Tianyu Yu a, Jun Zhao a, Zuhua Xu a, Xi Chen a, Lorenz T. Biegler b

a State Key Laboratory of Industrial Control Technology, College of Control Science and Engineering, Zhejiang University, Hangzhou, 310027, Zhejiang, P. R. China

b Department of Chemical Engineering, Carnegie Mellon University, 5000 Forbes Avenue, Pittsburgh, PA 15213, USA

Abstract

Model predictive control (MPC) has been widely used in the control of industrial processes over the past thirty years. It can handle constraints effectively and account for system interactions explicitly. Centralized and decentralized MPC are two common strategies in large-scale systems. In centralized scheme, a single controller is designed to calculate all the manipulated variables, which may encounter heavy computational burden and reliability issues for a large scale system. In decentralized scheme, the plant is divided into several subsystems and each one is controlled by a MPC controller without communication with the other controllers. The decentralized scheme may lead to poor performance due to the ignorance of subsystem interactions. Distributed MPC (DMPC) is developed as a compromise in which several controllers are used to control the whole process and the communication among controllers is applied to improve control performance. DMPC can be classified into two types, the cooperative DMPC and the non-cooperative DMPC. Their main difference is the objective function used in the optimization problem. The cooperative DMPC uses a global cost function while the other uses several local cost functions[1,2]. For implementation of DMPC, one key difficulty lies in the online solution of the optimization, especially for strongly nonlinear systems.

To speed up the real-time computation, a novel cooperative DMPC algorithm is proposed with NLP sensitivity in this paper. A distributed optimization structure is built with all the subsystems’ optimal inputs being evaluated in parallel. For a single MPC controller, at each sampling time, the future state at the next step can be calculated using its nominal model with its current state and control action. Therefore, the predicted optimization problem can be solved in advance. If this problem can be solved within one step, the predicted control action is available at the next step. This strategy can remove the computational delay and preserve the stability properties of the controller. After that, a fast approximate solution at the next step can be computed by taking a perturbed Newton step when a new state is obtained[3]. This concept can be extended to distributed scheme. In this paper, a cooperative DMPC strategy is used based on [4], in which many problems are solved in parallel. In background, optimal solutions of different subsystems can be obtained in each iteration. After that, these solutions are transmitted to each other, and the iteration continues until stopping criteria is met. When new states are available, the approximate optimal solutions of subsystems can be calculated using the same updating method. In this way, fast feedback is obtained by analyzing the parametric property of the problems. A case study is presented to demonstrate how the algorithm works efficiently.

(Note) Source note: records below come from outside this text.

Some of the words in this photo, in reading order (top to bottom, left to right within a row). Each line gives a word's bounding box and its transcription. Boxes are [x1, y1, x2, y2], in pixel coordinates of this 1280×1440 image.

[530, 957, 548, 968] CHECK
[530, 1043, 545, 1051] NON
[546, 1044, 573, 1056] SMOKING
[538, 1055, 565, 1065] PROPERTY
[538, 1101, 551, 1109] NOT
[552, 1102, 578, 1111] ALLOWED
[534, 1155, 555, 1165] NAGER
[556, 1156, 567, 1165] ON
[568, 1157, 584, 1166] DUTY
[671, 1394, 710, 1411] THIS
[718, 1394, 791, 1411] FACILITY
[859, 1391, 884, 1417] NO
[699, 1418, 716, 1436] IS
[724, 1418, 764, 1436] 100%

Keywords: Distributed Control, Predictive Control, NLP Sensitivity

References:

[1] P. D. Christofides, R. Scattolini, D. M. de la Peña, J. Liu, Distributed model predictive control: A tutorial review and future research directions, Computer and Chemical Engineering 51 (2013) 21-41.

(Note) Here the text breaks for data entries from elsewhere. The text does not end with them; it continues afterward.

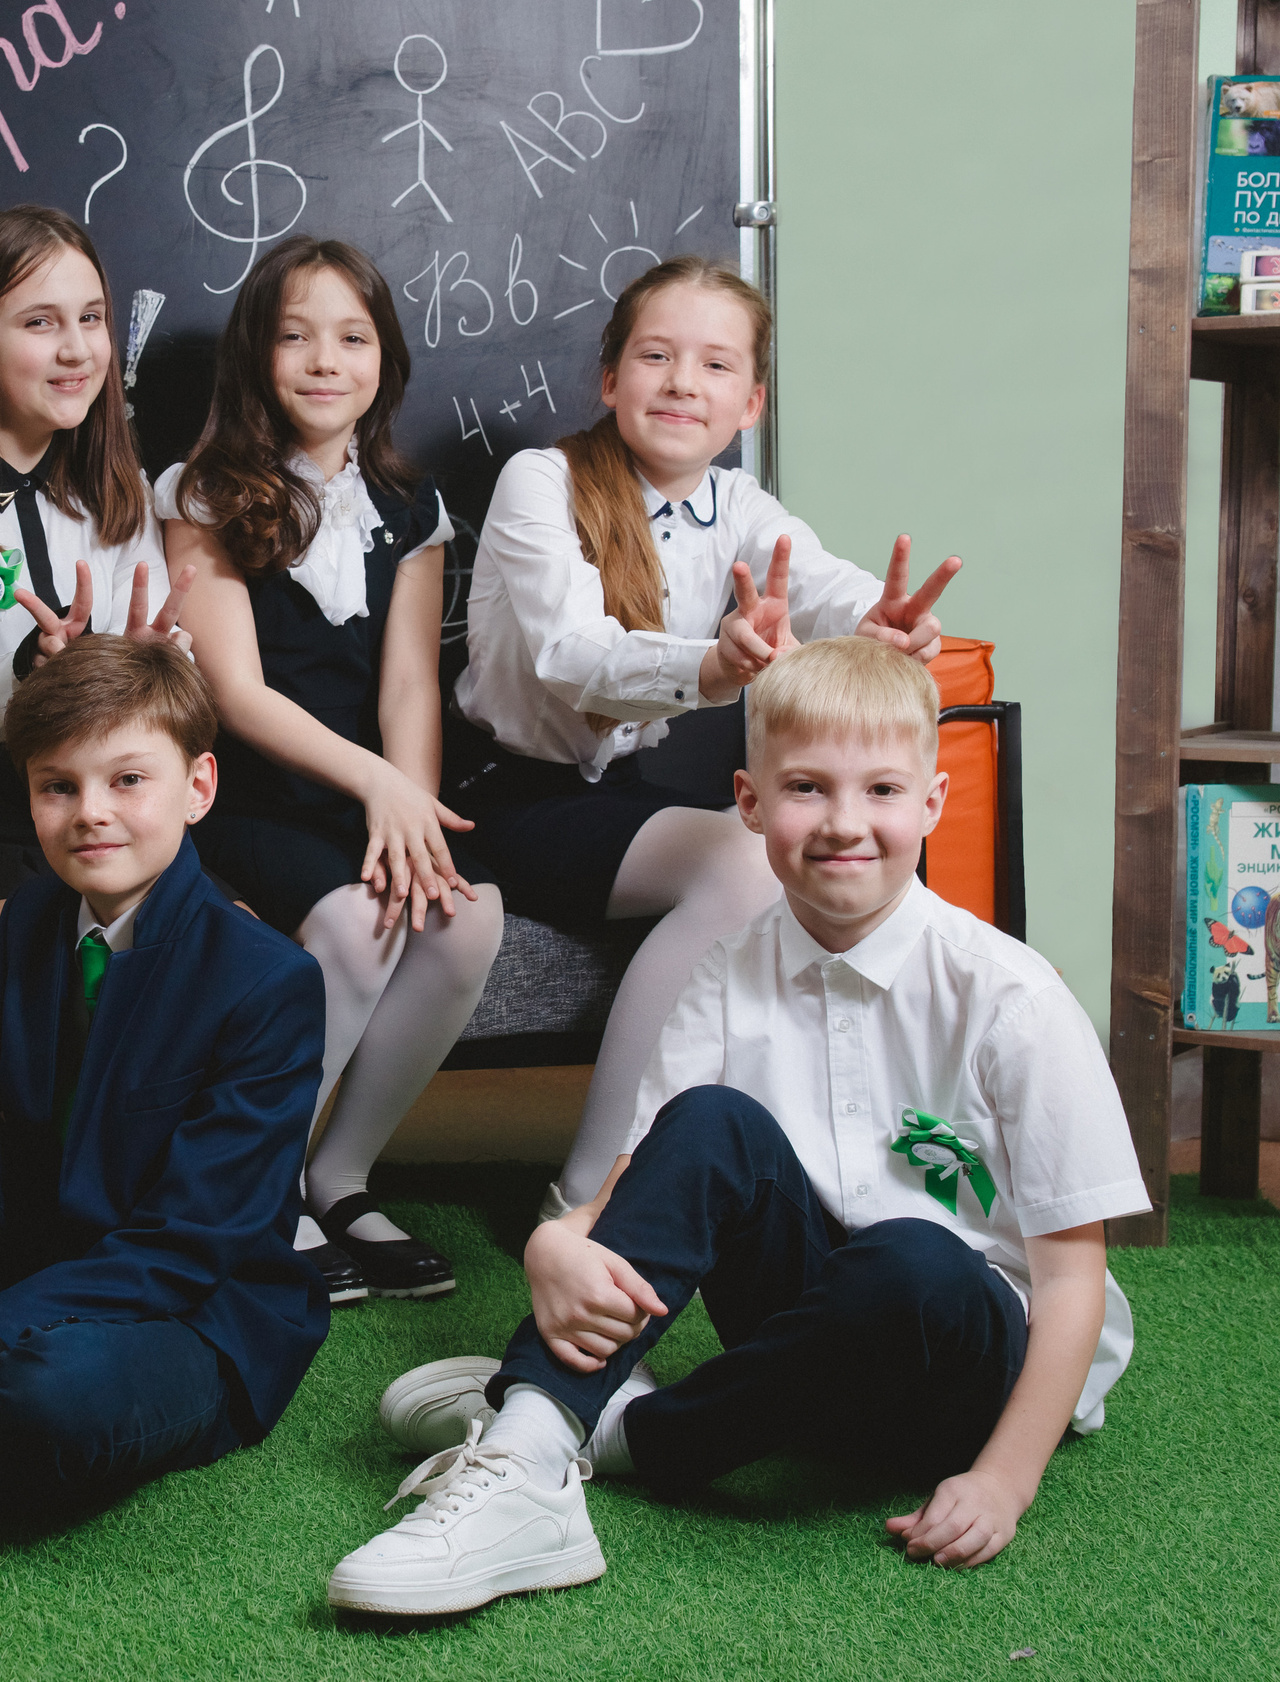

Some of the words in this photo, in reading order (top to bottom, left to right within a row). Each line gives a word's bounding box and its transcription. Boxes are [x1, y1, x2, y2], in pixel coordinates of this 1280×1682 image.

[499, 55, 646, 199] ABC
[1236, 171, 1280, 188] БОЛ
[1233, 210, 1261, 225] ПО
[1189, 855, 1199, 896] ЖИВОЙ
[1189, 899, 1198, 924] МИР
[1187, 928, 1198, 1011] ЭНЦИКЛОПЕДИЯ

[2] M. J. Tippett, J. Bao, Distributed Control of Chemical Process Networks, International Journal of Automation and Computing 12(4) (2015) 368-381.

[3] V. M. Zavala, L. T. Biegler, The advanced-step NMPC controller: Optimality, stability and robustness, Automatica 45 (2009) 86-93.

[4] B. T. Stewart, A. N. Venkat, J. B. Rawlings, S. J. Wright, G. Pannocchia, Cooperative distributed model predictive control, Systems & Control Letters 59(2010) 460-469.